我知道这一切变成了什么。
我知道我不曾开口,却已向你索取了太多。
那些未曾说出的东西,清清楚楚地落在他们之间,沉得几乎令人难以呼吸。
直到这一刻,林书玉才忽然明白,自己竟原来这样想被人懂得。
那点迟来的酸意猝不及防涌上喉间,快得连遮掩都来不及。
他本该退开的。
本该抽回手,告诉自己这不过是疲惫,是距离太近,是小屋太窄,是连日阴雨与过多沉默将一切都扭曲得暧昧不清。
可他只是站在那里。
困在沈昭衍轻得近乎温柔的手里,也困在那种被看得太明白的安静溃败里。
屋子另一头,焰无邪仍一言不发。
可他的沉默也已经变了。
那点戏谑彻底不见,连惯常的挑衅都被收了回去。
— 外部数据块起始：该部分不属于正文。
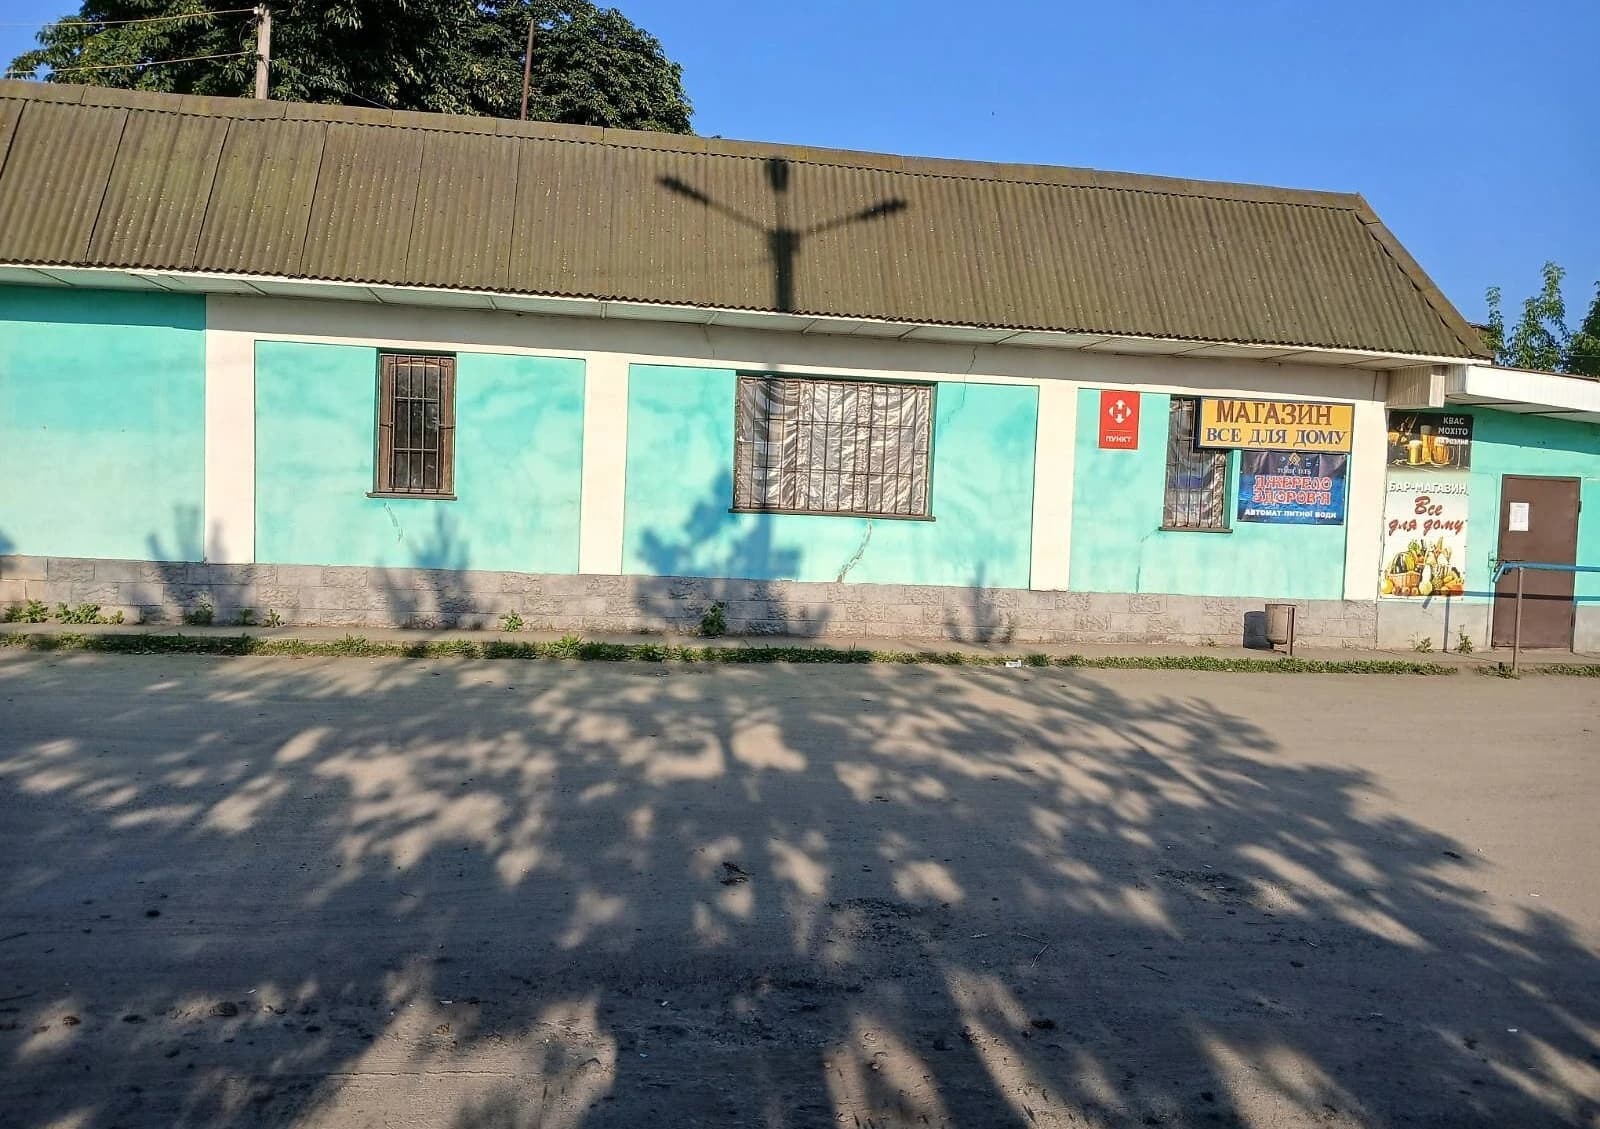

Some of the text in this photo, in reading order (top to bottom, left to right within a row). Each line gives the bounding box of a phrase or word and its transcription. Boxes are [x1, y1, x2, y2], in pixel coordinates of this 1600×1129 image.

[1216, 400, 1332, 425] МАГАЗИН
[1443, 416, 1465, 425] КВАС
[1206, 427, 1348, 447] ВСЕ ДЛЯ ДОМУ
[1254, 475, 1333, 491] ДЖЕРЕЛО
[1245, 509, 1281, 517] АВТОМАТ
[1414, 495, 1443, 516] Все
[1388, 519, 1464, 536] для дому
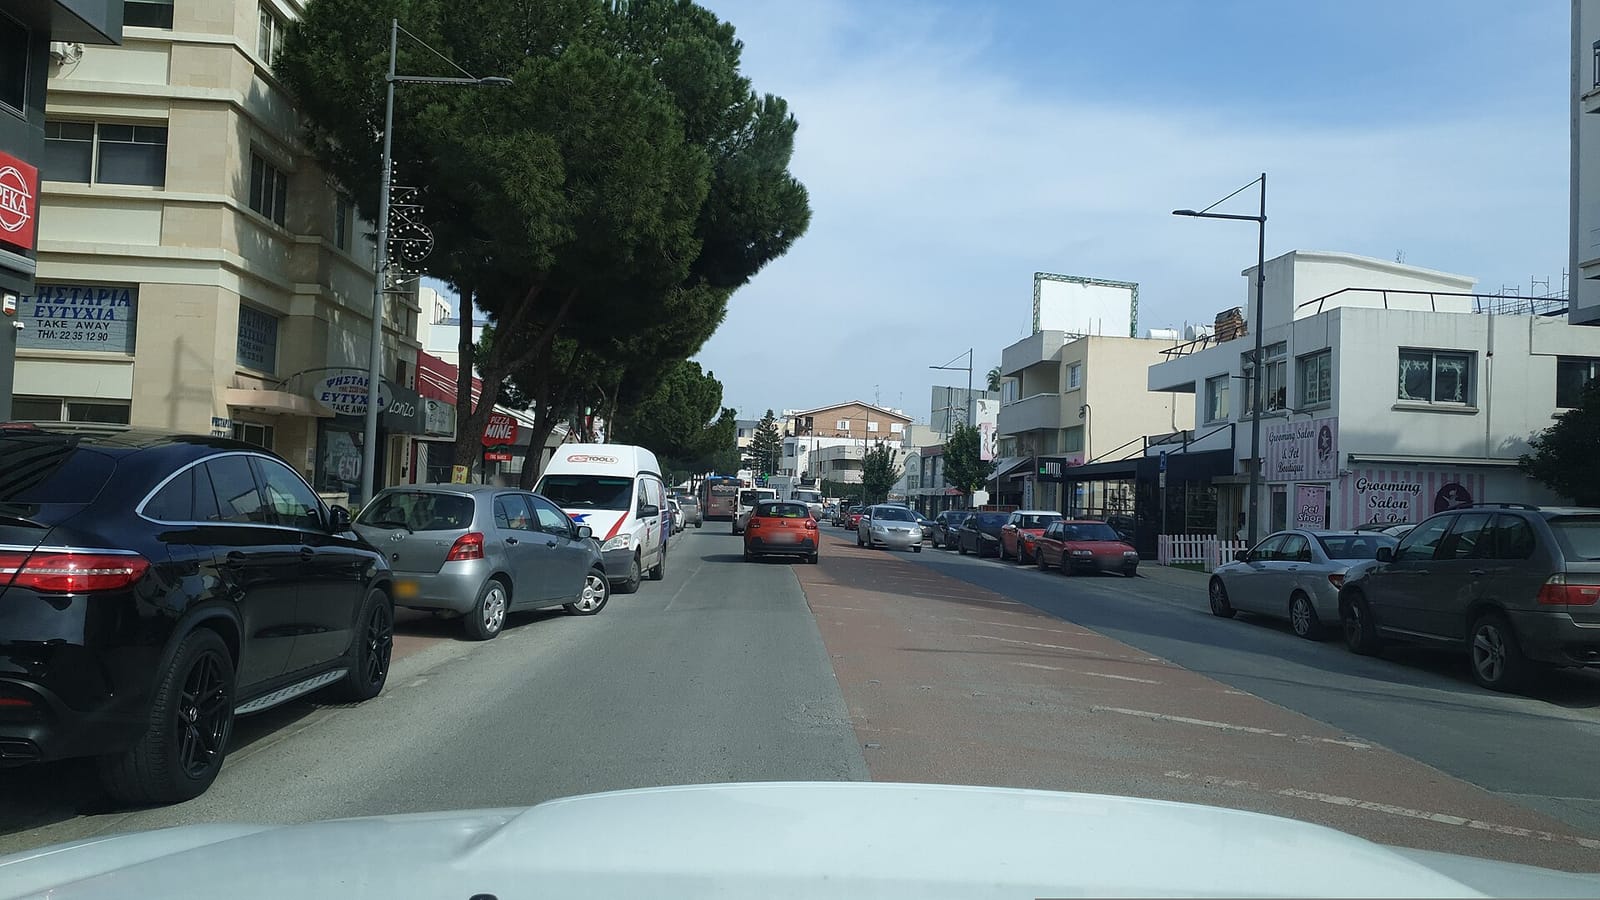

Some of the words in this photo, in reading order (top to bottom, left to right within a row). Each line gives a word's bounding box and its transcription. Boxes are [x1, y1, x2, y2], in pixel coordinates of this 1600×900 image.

[33, 306, 114, 321] ΕΥΤΥΧΙΑ
[36, 320, 68, 329] TAKE
[75, 321, 110, 331] AWAY
[59, 331, 70, 340] 22
[71, 331, 83, 341] 35
[86, 332, 96, 341] 12
[97, 332, 108, 342] 90
[320, 392, 384, 406] ΕΥΤΥΧΑ
[332, 403, 350, 413] TAKE
[352, 405, 368, 414] AWA
[490, 416, 510, 425] PIZZA
[484, 424, 514, 439] MINE
[1268, 430, 1296, 446] Grooming
[1296, 427, 1315, 440] Salon
[1289, 446, 1300, 459] Pet
[1277, 461, 1305, 475] Boutique
[1356, 477, 1421, 496] Grooming
[1302, 504, 1320, 513] Pet
[1368, 495, 1409, 509] Salon
[1297, 513, 1323, 525] Shop
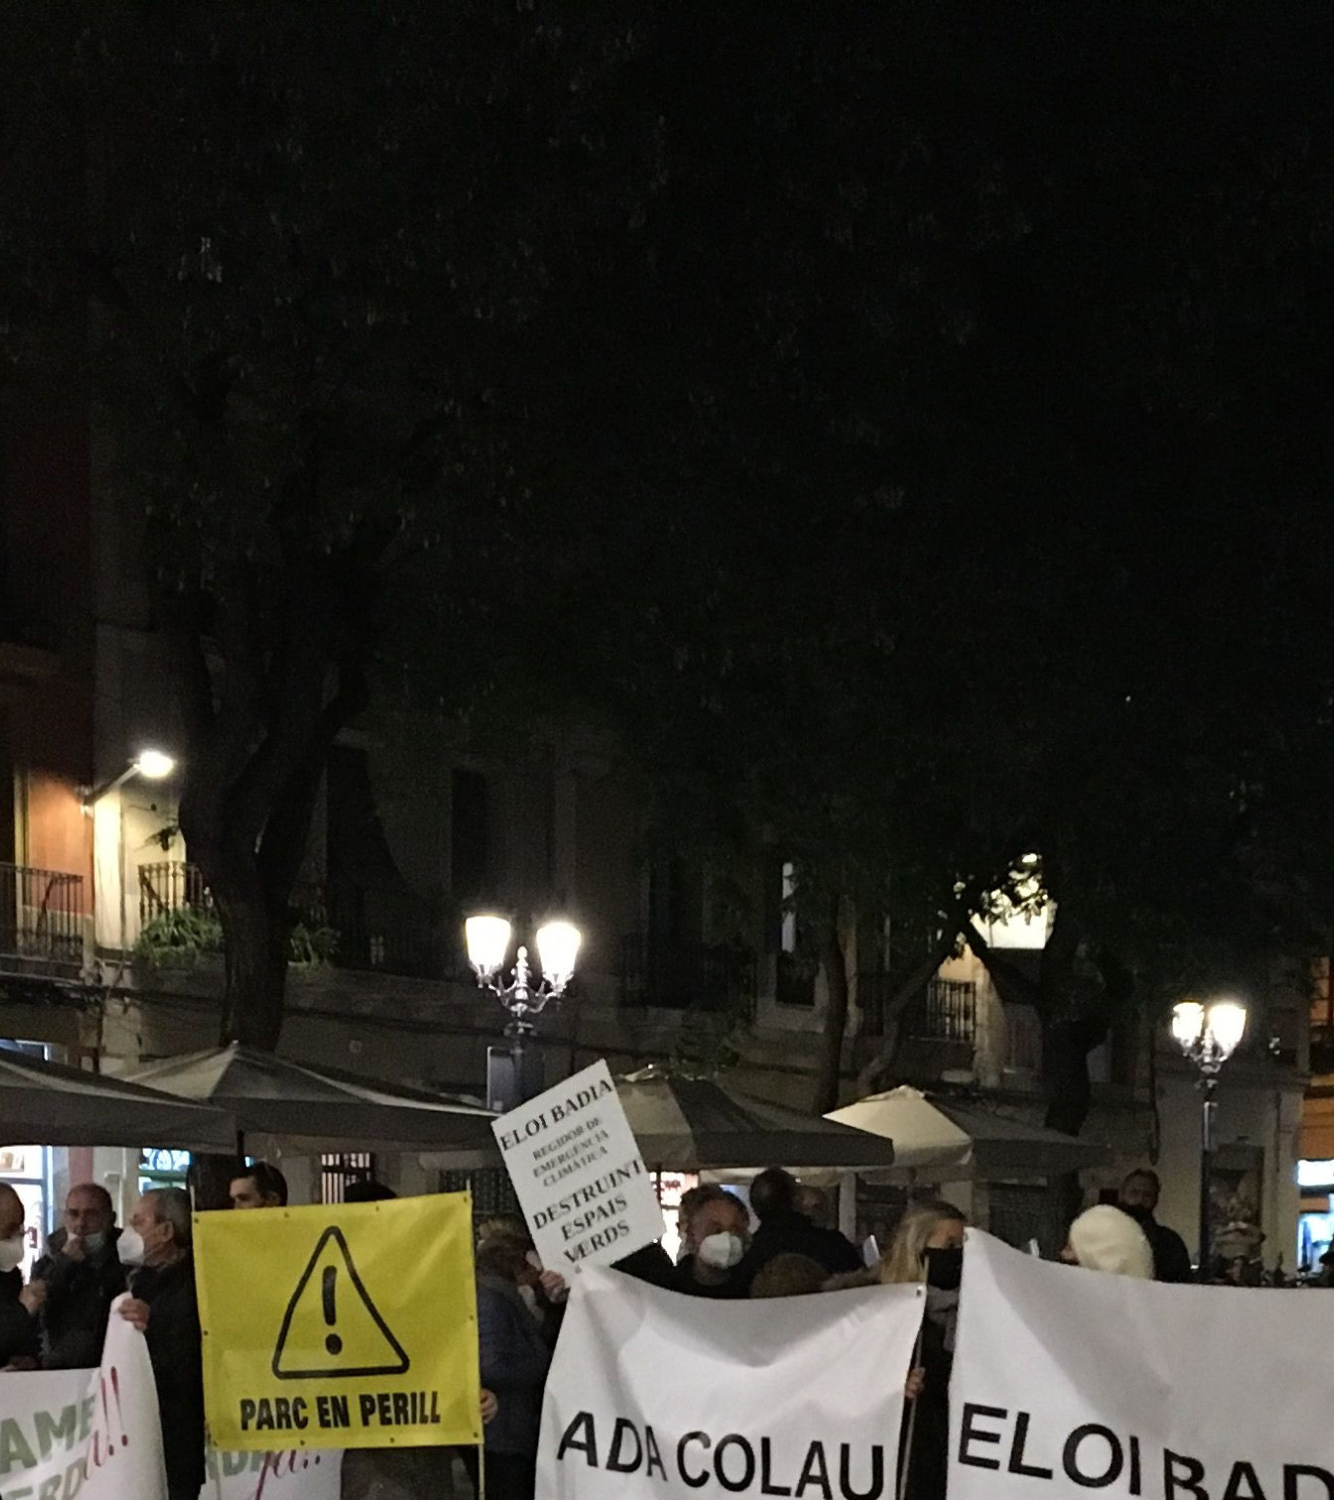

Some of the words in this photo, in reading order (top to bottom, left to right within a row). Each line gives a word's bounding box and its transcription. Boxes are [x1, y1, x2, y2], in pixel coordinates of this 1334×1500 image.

[500, 1113, 548, 1151] ELOI
[551, 1079, 613, 1124] BADIA
[532, 1125, 584, 1160] REGIDOR
[533, 1159, 642, 1230] DESTRUINT
[560, 1194, 628, 1242] ESPAIS
[563, 1219, 630, 1264] VERDS
[240, 1396, 308, 1431] PARC
[315, 1395, 351, 1429] EN
[359, 1390, 441, 1427] PERILL
[556, 1410, 668, 1483] ADA
[958, 1402, 1142, 1497] ELOI
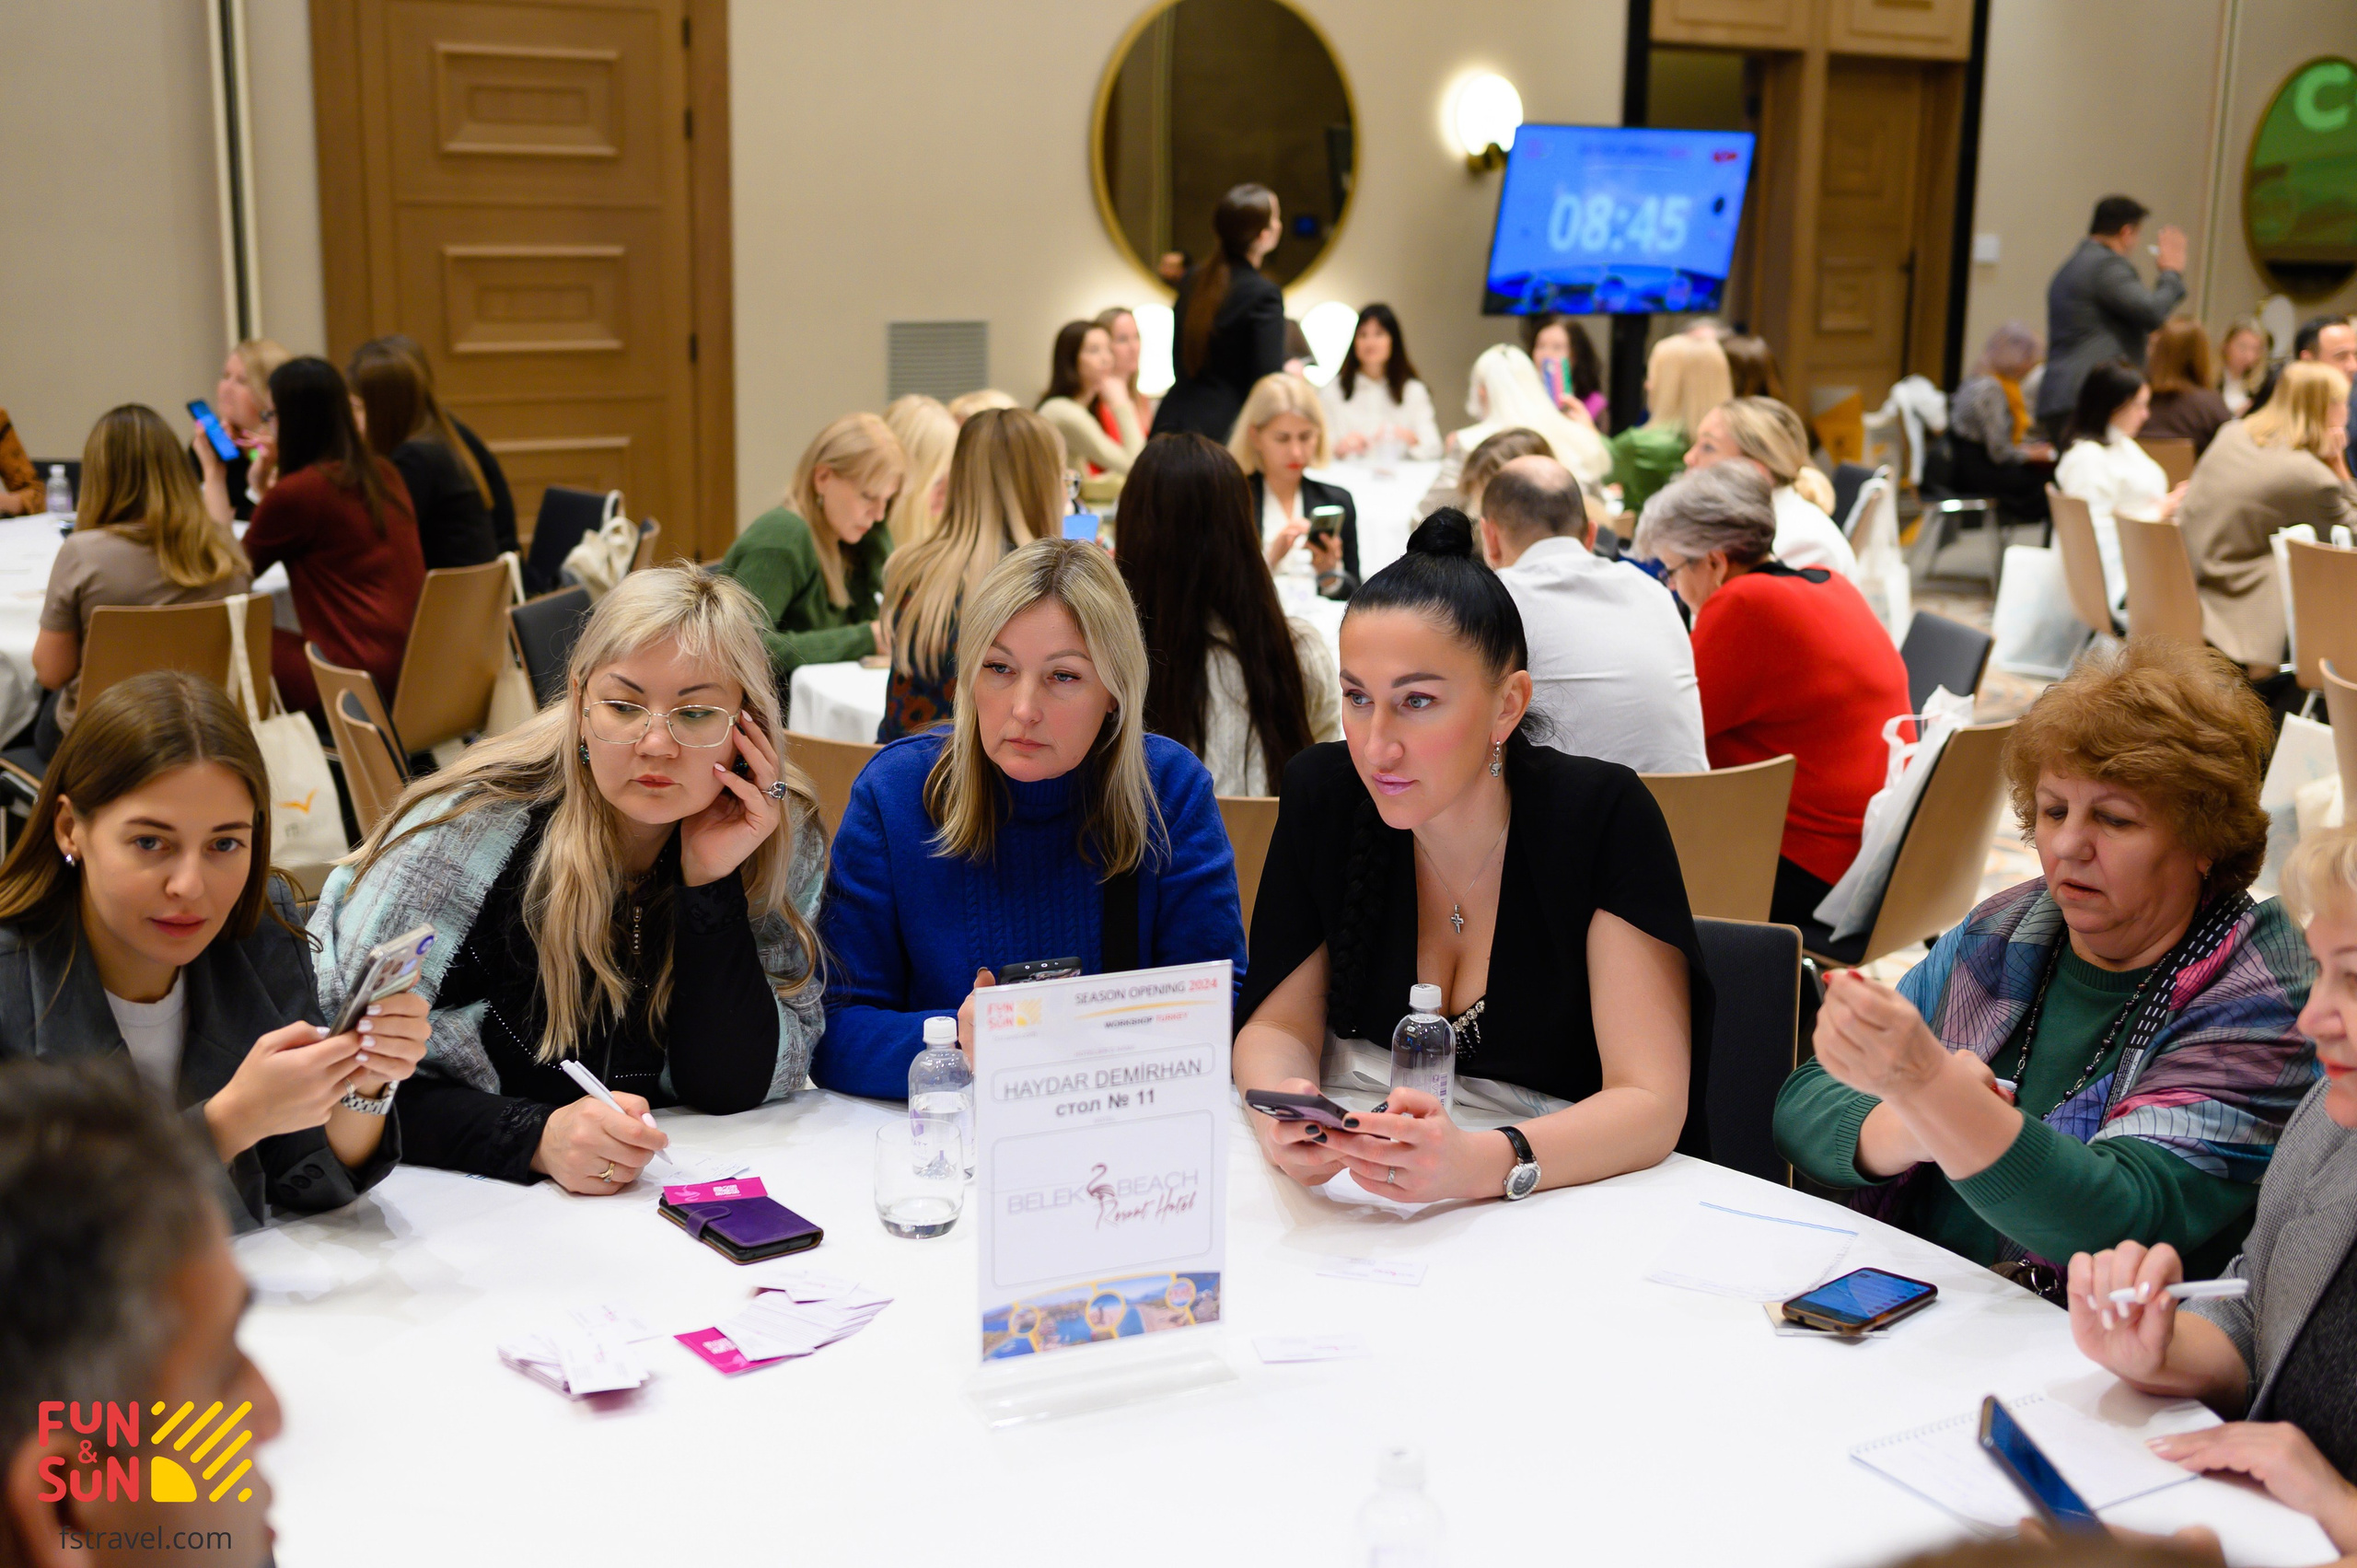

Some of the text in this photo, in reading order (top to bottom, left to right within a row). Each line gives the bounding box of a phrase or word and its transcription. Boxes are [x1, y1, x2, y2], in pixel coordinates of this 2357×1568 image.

[1548, 192, 1691, 253] 08:45
[1074, 977, 1218, 1005] SEASON OPENING 2024
[987, 1002, 1014, 1015] FUN
[1104, 1015, 1154, 1029] WORKSHOP
[1004, 1057, 1202, 1101] HAYDAR DEMİRHAN
[1137, 1087, 1155, 1104] 11
[1007, 1168, 1200, 1215] BELEK BEACH
剩下的,只是一种更安静、也更不留情的沉默,暗着,冷着,像受了伤,却仍死死盯着。
林书玉几乎能感觉到那目光落在背后,像火一样灼着。
而他也在这一瞬,终于无比清楚地明白——
这两个人,谁都没有学会该如何伸手。
他们只学会了,如何先伤人。
这念头轻轻撞进他心里最柔软的地方。
林书玉缓缓吸了一口气。
然后抬起另一只手,轻轻覆上沈昭衍扣在他腕间的手指。
轻得像落雪。
不是为了推开。
也不是为了挣脱。
甚至不是为了让那只手松开。
他只是,极轻极轻地,用自己的触碰,回了一次对方的触碰。
屋中霎时静得连呼吸都像停了。
掌心之下,沈昭衍的手蓦然收紧了一瞬。
极轻,极短,近乎不受控制。
随即又克制地静了下去。
林书玉抬眼看着他。
在灯火、沉默与未说出口的话交织出的脆弱静寂里,他说出了自己所剩无几的、最温柔的一句实话。
“那就让它容易一点。”
那一瞬,谁都没有动。
窗外,檐角残水坠入夜色深处。
屋内,沈昭衍望着他,目光始终未曾离开。
然后很慢很慢地,像一个只能靠触碰去学会何为退让的人——
他松开了手。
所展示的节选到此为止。